Star Trek: Deep Space Nine‘s Avery Brooks looks back on the classic season 4 episode, “The Visitor,” which centered on the loving relationship between Captain Benjamin Sisko and his son Jake. “The Visitor” saw the young Jake (Cirroc Lofton) lose his father, which altered the course of his life. The older Jake Sisko (Tony Todd) dedicated his life to bringing his dad back, and he sacrifices himself to restore the timeline in the past so that the Siskos can remain together on Deep Space Nine.
In the Star Trek oral history “The Fifty-Year Mission: The Next 25 Years” by Mark A. Altman and Edward Gross, Avery Brooks discusses his approach to acting in Star Trek: Deep Space Nine‘s “The Visitor,” and Brooks says the emotion Captain Sisko felt for Jake on-screen was as real as his own love for Cirroc Lofton. Read his quote below:
The preparation for an episode like that is that every day is brand-new. You wake up every day with the full knowledge after you are awake to be grateful for this day, and therefore you go to work or do whatever it is. All I’m interested in is telling the truth. It’s so simple in another way, because I loved Cirroc Lofton then and I love him now. Most of what you witnessed in the exchange between us, and indeed Tony Todd in the assistance, most of what you saw was real.
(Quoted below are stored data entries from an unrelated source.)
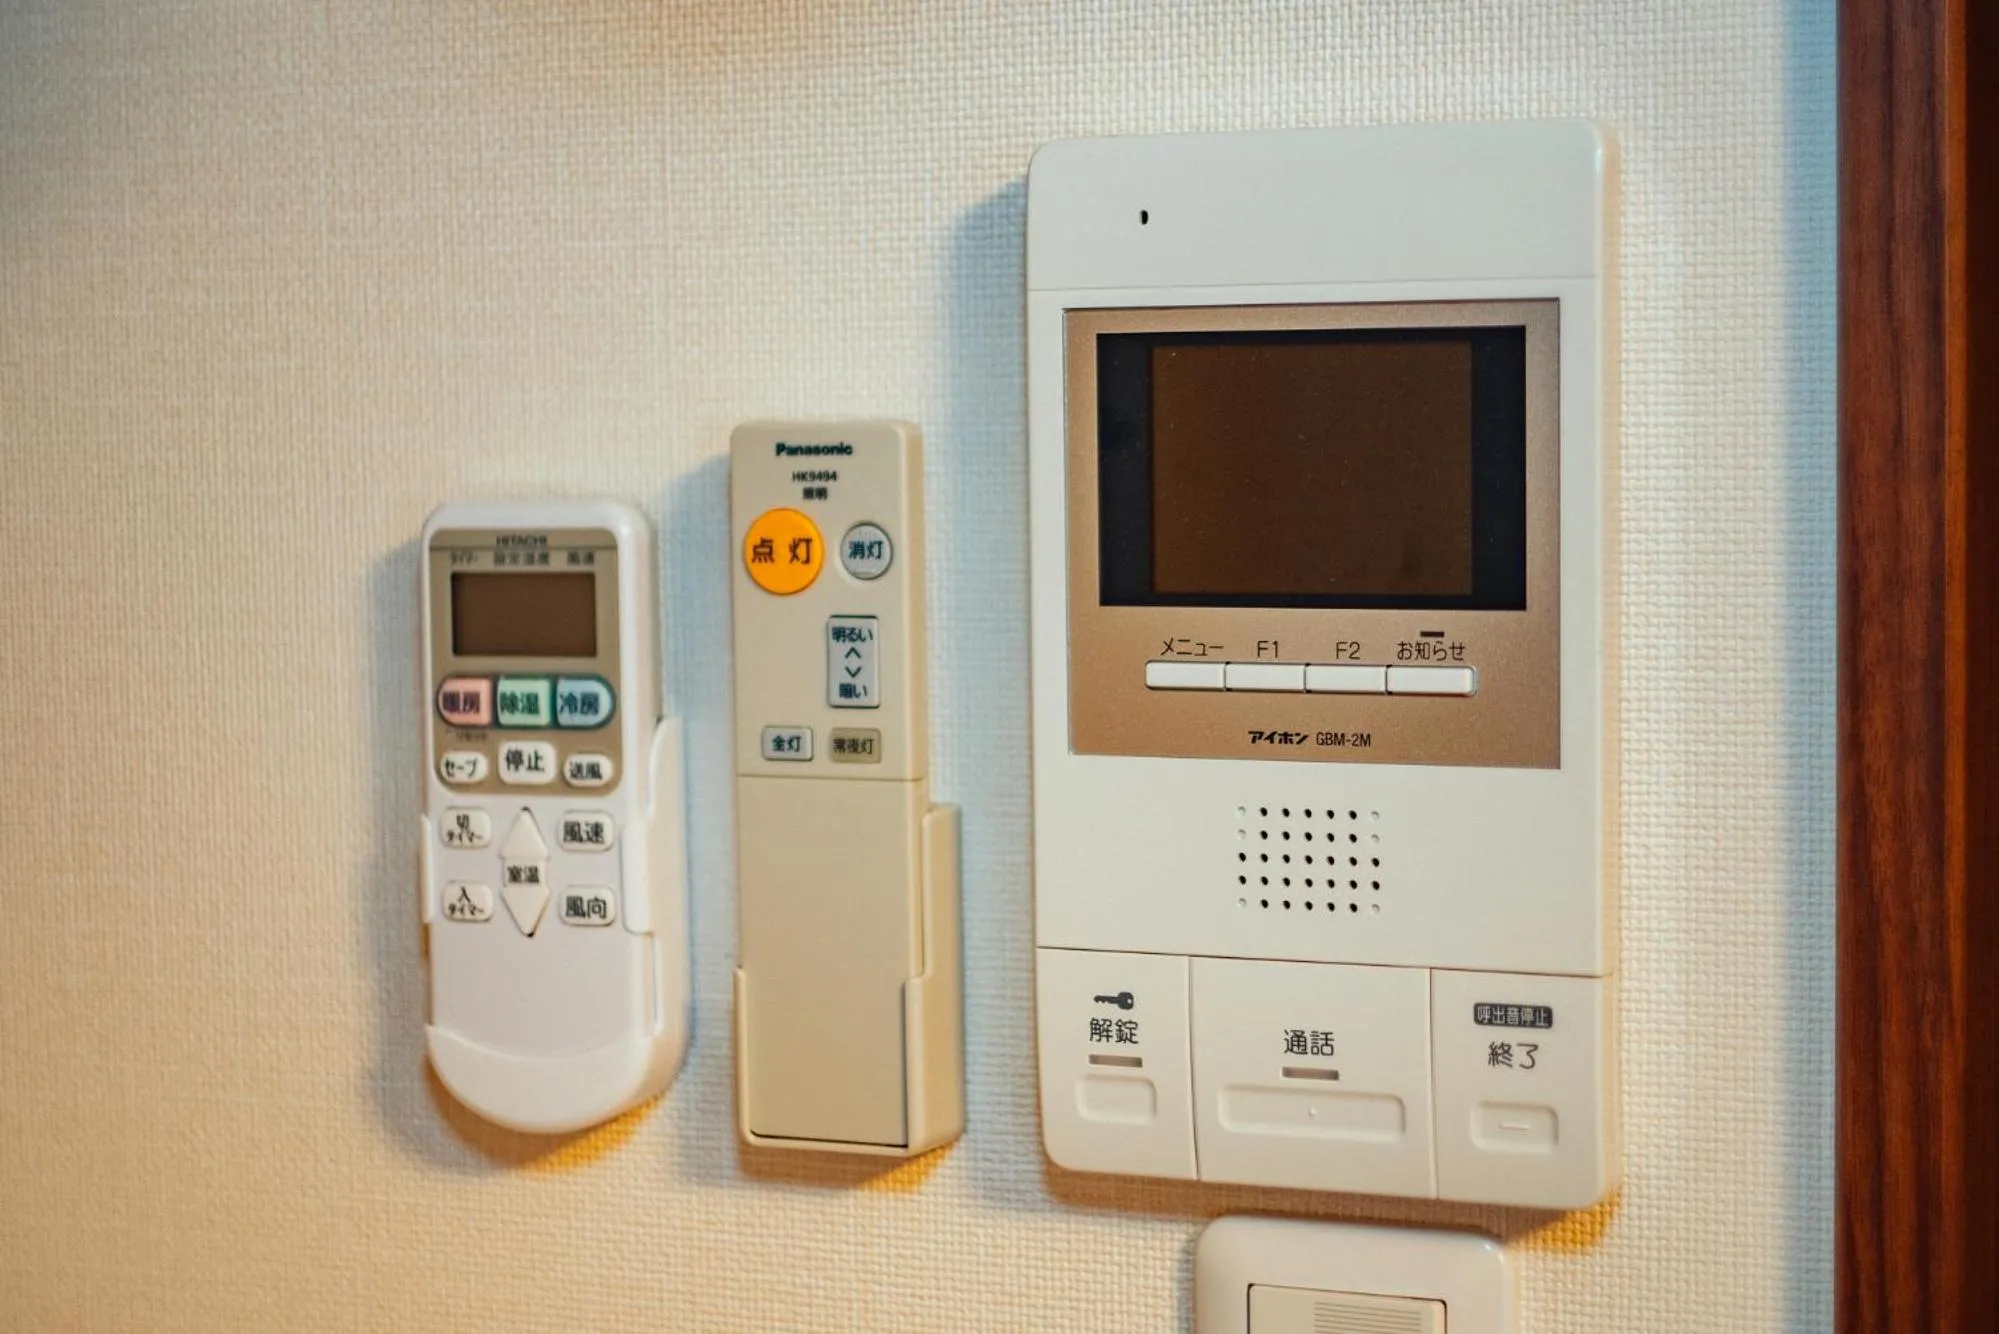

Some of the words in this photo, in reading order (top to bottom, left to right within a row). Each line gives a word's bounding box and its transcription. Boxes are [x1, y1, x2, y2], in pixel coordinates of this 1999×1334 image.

[775, 442, 853, 456] Panasonic
[792, 470, 838, 482] HK9494
[751, 537, 813, 564] 点灯
[848, 540, 884, 560] 消灯
[832, 627, 874, 643] 明るい
[1161, 637, 1224, 657] メニュー
[1257, 641, 1280, 659] F1
[1336, 642, 1361, 660] F2
[1397, 640, 1467, 662] お知らせ
[839, 683, 867, 699] 暗い
[442, 691, 481, 713] 暖房
[559, 691, 600, 716] 冷房
[772, 735, 802, 752] 全灯
[1248, 731, 1309, 745] アイホン
[1316, 732, 1371, 747] GBM-2M
[505, 749, 545, 773] 停止
[569, 761, 603, 780] 送風
[563, 821, 605, 844] 風速
[507, 864, 540, 884] 室温
[457, 886, 472, 903] 入
[447, 902, 485, 916] タイマー
[565, 895, 608, 919] 風向
[1477, 1005, 1550, 1027] 呼出音停止
[1089, 1017, 1139, 1045] 解錠
[1283, 1029, 1336, 1057] 通話
[1488, 1041, 1539, 1069] 終了
“The Visitor” Is One Of Star Trek: Deep Space Nine’s Greatest Episodes
“The Visitor” still holds up today.
“The Visitor” holds up as one of the most emotional, touching, and best episodes of Star Trek: Deep Space Nine. Directed by David Livingston from a script by Michael Taylor, “The Visitor” tackles a subject that was unique to Deep Space Nine: the central father-son relationship between Ben and Jake Sisko. Star Trek has a spotty record when it comes to depticing fathers and sons, but DS9 broke that mold by making Captain Sisko a widower and a father who was as dedicated to raising Jake properly as he was to his Starfleet career.
I loved Cirroc Lofton then and I love him now.
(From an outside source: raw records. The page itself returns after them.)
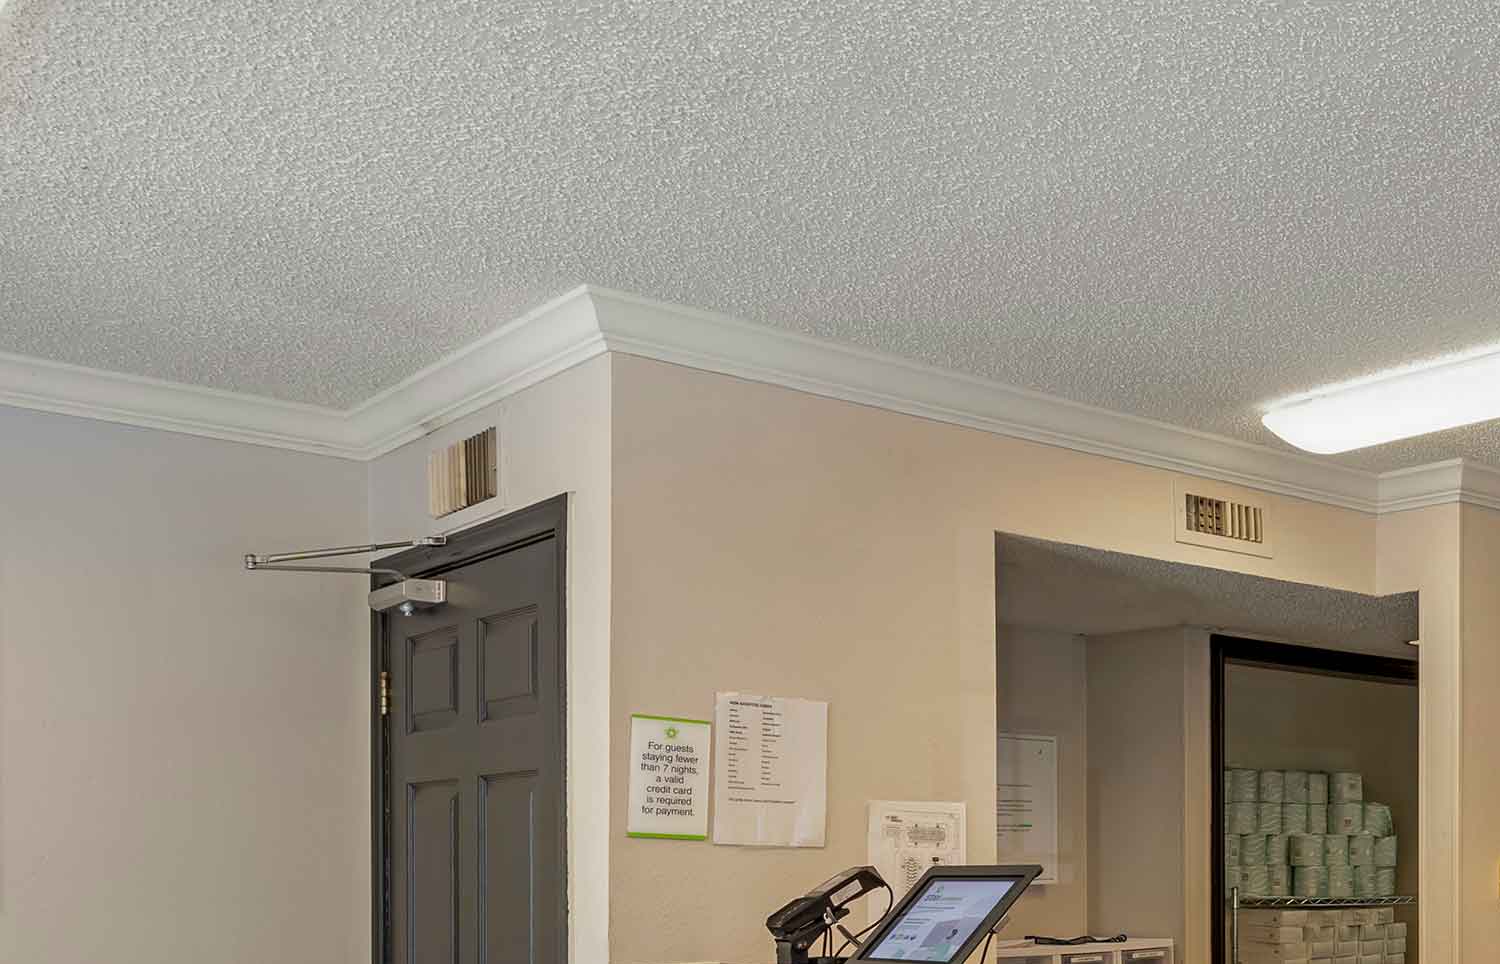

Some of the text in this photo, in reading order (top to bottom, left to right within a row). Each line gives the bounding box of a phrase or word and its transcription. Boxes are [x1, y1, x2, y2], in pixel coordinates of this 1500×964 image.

[648, 741, 694, 753] For guests
[642, 753, 699, 763] staying fewer
[641, 763, 660, 772] than
[663, 764, 669, 772] 7
[664, 775, 684, 784] valid
[646, 785, 692, 795] credit card
[656, 796, 692, 806] required
[641, 806, 695, 816] for payment.
Tony Todd playing the older version of Cirroc Lofton’s Jake Sisko was also seamless and powerful. In a way, “The Visitor” predicted the ending of Star Trek: Deep Space Nine as Captain Sisko did leave the linear plane to become one with the Prophets of Bajor, leaving Jake behind. But by the time Ben ascended as The Emissary in DS9‘s finale, Jake was older and better prepared to shoulder life without his father. It’s heartening to know from Avery Brooks’ own words that the emotion on-screen in “The Visitor” was as genuine off-screen as what was seen in the Star Trek: Deep Space Nine episode.
Star Trek: Deep Space Nine is available to stream on Paramount+.